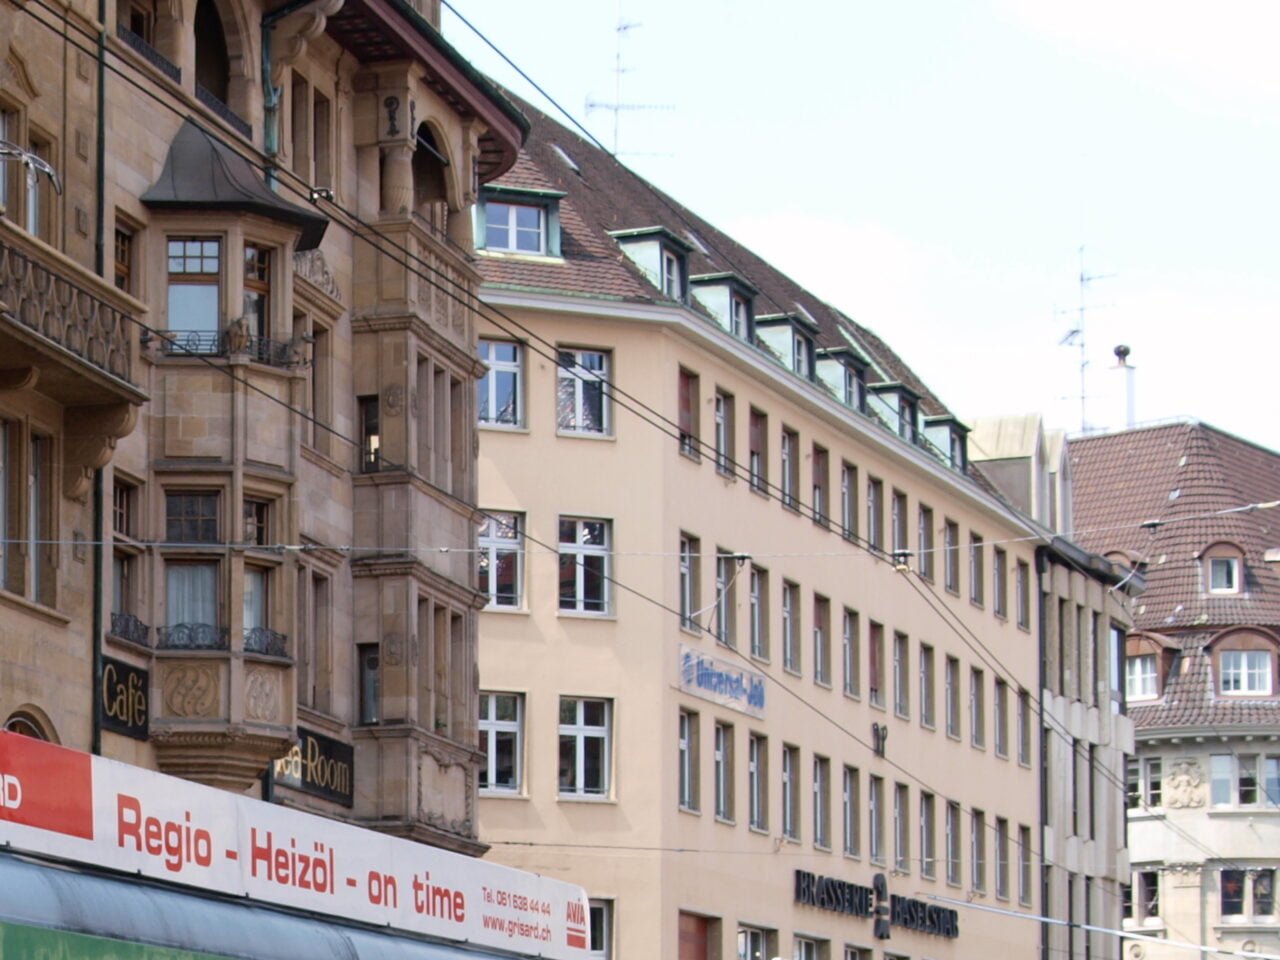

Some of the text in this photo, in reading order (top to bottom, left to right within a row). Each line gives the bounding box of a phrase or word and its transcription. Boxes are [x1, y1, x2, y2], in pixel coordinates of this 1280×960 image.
--
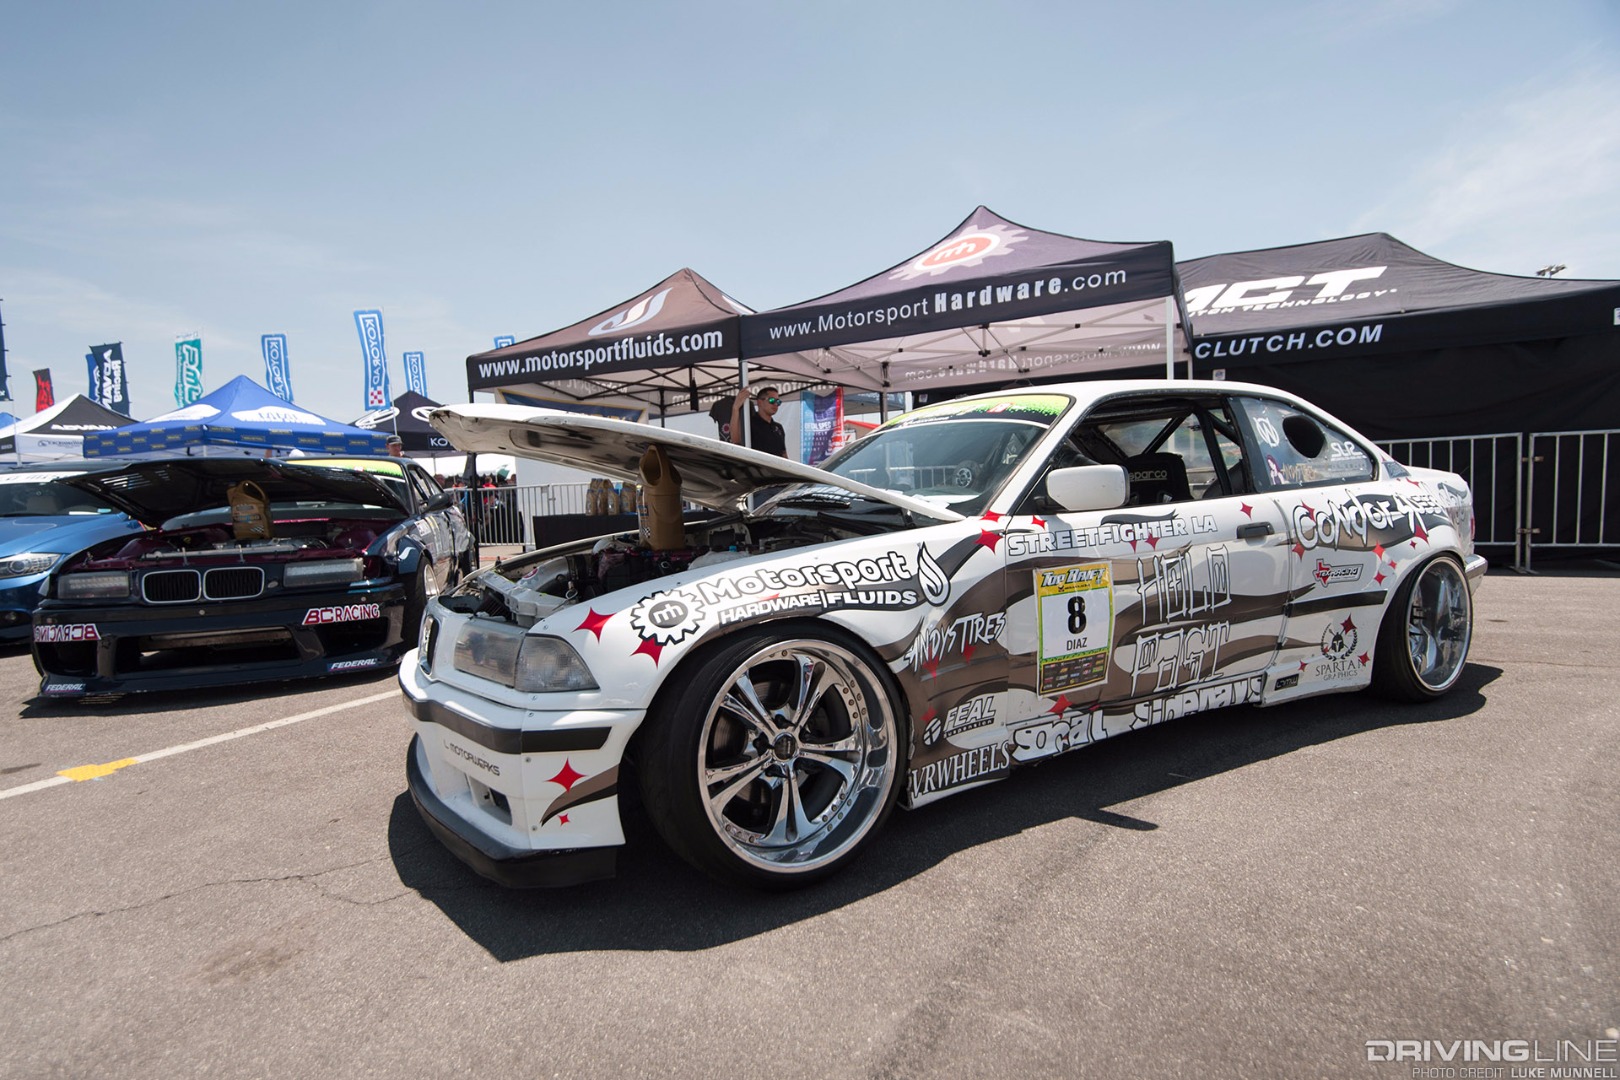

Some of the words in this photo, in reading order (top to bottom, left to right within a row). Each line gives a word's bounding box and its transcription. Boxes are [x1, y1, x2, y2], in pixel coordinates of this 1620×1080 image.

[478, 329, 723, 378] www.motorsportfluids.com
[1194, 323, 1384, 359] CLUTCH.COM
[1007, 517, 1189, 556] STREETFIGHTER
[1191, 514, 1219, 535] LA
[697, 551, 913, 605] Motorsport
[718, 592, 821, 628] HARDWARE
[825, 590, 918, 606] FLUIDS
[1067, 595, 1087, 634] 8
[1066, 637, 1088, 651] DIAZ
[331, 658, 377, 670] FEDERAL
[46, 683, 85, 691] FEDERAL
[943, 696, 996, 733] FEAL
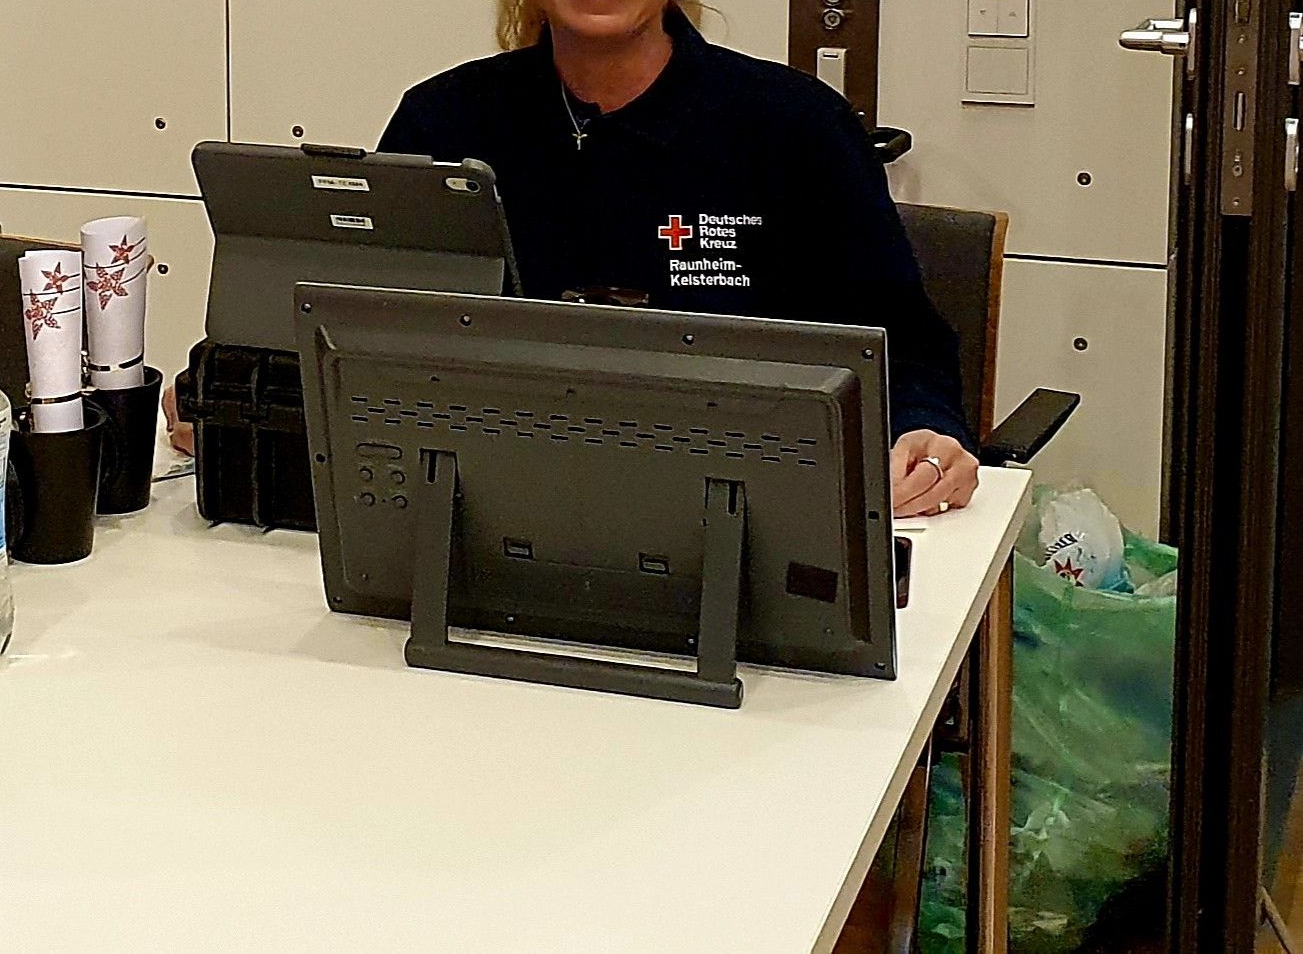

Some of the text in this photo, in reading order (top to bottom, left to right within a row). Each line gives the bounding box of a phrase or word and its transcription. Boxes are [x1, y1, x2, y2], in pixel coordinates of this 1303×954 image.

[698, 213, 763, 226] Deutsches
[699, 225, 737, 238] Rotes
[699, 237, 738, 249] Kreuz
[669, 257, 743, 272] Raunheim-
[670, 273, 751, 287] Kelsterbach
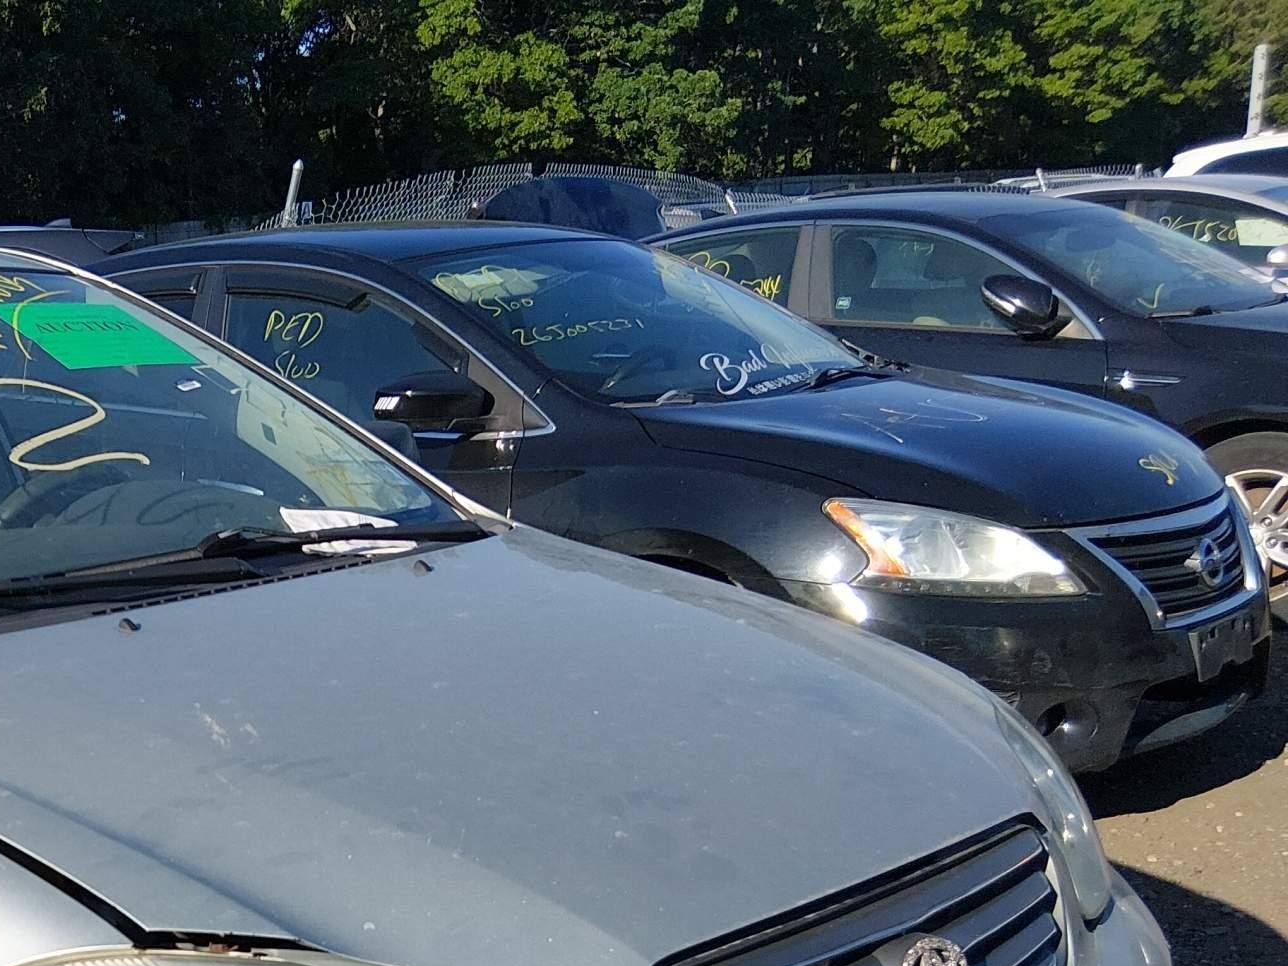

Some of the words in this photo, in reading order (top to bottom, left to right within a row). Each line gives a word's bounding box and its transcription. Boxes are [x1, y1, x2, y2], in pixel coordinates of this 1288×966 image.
==
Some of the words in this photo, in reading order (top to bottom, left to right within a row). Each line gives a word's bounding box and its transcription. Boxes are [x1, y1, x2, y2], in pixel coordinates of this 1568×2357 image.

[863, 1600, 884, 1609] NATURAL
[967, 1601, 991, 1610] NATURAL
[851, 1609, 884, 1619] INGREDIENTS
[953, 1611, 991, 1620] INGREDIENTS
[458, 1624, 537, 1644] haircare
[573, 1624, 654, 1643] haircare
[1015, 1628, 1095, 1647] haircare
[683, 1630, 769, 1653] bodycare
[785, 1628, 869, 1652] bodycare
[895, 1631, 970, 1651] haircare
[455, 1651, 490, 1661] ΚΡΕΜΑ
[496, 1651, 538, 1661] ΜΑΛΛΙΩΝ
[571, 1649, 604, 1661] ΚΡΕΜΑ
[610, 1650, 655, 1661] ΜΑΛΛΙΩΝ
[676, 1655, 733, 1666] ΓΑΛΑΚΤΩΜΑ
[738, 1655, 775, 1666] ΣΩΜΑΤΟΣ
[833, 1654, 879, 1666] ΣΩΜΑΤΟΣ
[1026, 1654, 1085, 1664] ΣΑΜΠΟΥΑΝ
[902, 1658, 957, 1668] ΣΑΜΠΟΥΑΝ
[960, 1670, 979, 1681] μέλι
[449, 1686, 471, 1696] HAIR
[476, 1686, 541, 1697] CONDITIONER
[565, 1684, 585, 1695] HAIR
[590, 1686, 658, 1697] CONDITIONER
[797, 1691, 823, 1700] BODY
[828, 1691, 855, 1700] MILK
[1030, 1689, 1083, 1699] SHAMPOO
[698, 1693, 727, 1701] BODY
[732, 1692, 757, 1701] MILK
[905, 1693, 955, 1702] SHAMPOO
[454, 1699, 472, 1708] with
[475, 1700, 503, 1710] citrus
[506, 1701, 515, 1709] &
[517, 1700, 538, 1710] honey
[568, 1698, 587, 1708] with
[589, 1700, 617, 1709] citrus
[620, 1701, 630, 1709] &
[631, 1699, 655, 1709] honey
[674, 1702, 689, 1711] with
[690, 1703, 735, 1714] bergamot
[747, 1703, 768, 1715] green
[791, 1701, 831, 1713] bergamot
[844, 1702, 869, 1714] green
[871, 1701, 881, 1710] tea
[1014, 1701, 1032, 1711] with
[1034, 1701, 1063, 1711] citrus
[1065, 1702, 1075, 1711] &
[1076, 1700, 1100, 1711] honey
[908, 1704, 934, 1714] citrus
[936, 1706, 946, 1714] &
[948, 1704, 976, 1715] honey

■ **Task**
Leave out the images and write out the lines above exactly, from the one with "this 1620×1080 image." up to and including the one with "this 1288×966 image.".

■ **Answer to the exercise**
Some of the words in this photo, in reading order (top to bottom, left to right within a row). Each line gives a word's bounding box and its transcription. Boxes are [x1, y1, x2, y2], in pixel coordinates of this 1620×1080 image.

[478, 329, 723, 378] www.motorsportfluids.com
[1194, 323, 1384, 359] CLUTCH.COM
[1007, 517, 1189, 556] STREETFIGHTER
[1191, 514, 1219, 535] LA
[697, 551, 913, 605] Motorsport
[718, 592, 821, 628] HARDWARE
[825, 590, 918, 606] FLUIDS
[1067, 595, 1087, 634] 8
[1066, 637, 1088, 651] DIAZ
[331, 658, 377, 670] FEDERAL
[46, 683, 85, 691] FEDERAL
[943, 696, 996, 733] FEAL

Some of the text in this photo, in reading order (top to bottom, left to right within a row). Each line gives the bounding box of a phrase or word and its transcription. Boxes are [x1, y1, x2, y2], in pixel coordinates of this 1303×954 image.

[698, 213, 763, 226] Deutsches
[699, 225, 737, 238] Rotes
[699, 237, 738, 249] Kreuz
[669, 257, 743, 272] Raunheim-
[670, 273, 751, 287] Kelsterbach

Some of the words in this photo, in reading order (top to bottom, left to right within a row). Each line gives a word's bounding box and its transcription. Boxes are [x1, y1, x2, y2], in pixel coordinates of this 1288×966 image.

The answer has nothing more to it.